For dynamic schedules, attach the schedule with .scale(...). Construct the optimizer with a placeholder rate of 1 so .scale sets the effective learning rate — which it re-evaluates every step:

from jno import LearningRateSchedule as lrs

net.optimizer(optax.adam(1)).scale(lrs.exponential(1e-3, 0.9, 2000, 1e-5))

A loss-adaptive dlrs(...) (Dynamic Learning Rate Scheduler) plugs in the same way — it raises or lowers the rate from the recent loss trend on every step:

net.optimizer(optax.adam(1)).scale(jno.fn.adaptive.dlrs(lr0=1e-3, window=10))

Learning Rate Schedules

LearningRateSchedule wraps any callable (epoch, individual_losses) → scalar so it can be passed to .scale(...). Build your own:

from jno import LearningRateSchedule as lrs

# Any (epoch, losses) -> scalar callable is a schedule
lrs(lambda epoch, losses: 1e-4 * (0.9 ** (epoch / 500)))

# Adapt to a runtime signal — drop the LR when the PDE loss plateaus
lrs(lambda epoch, losses: 1e-3 if losses[0] > 1e-2 else 1e-5)

Built-in schedule factories

For common shapes, lrs ships these factories:

# Constant
lrs.constant(1e-3)
lrs(1e-3)          # shorthand

# Exponential decay: lr(t) = max(lr_end, lr0 * decay_rate^(t/decay_steps))
lrs.exponential(lr0=1e-3, decay_rate=0.9, decay_steps=1000, lr_end=1e-5)

# Cosine decay
lrs.cosine(total_steps=5000, lr0=1e-3, lr_end=1e-6)

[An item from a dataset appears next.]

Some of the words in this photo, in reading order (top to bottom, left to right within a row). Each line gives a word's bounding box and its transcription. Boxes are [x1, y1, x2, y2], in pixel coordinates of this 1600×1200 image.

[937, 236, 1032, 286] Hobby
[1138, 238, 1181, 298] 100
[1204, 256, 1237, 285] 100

# Linear warm-up then cosine decay
lrs.warmup_cosine(total_steps=5000, warmup_steps=500, lr0=1e-3, lr_end=1e-6)

# Piecewise constant
lrs.piecewise_constant(
    boundaries=[1000, 3000],
    values=[1e-3, 5e-4, 1e-4],   # len(boundaries) + 1 values
)

All factories — built-in and custom — accept min_lr and max_lr keyword arguments to clamp the output.


Adaptive Loss Weights

Loss weights are traced placeholders — call an adaptive balancer with your losses before passing them to jno.core, multiply the returned weights into the losses, then pass the weighted losses to the solver.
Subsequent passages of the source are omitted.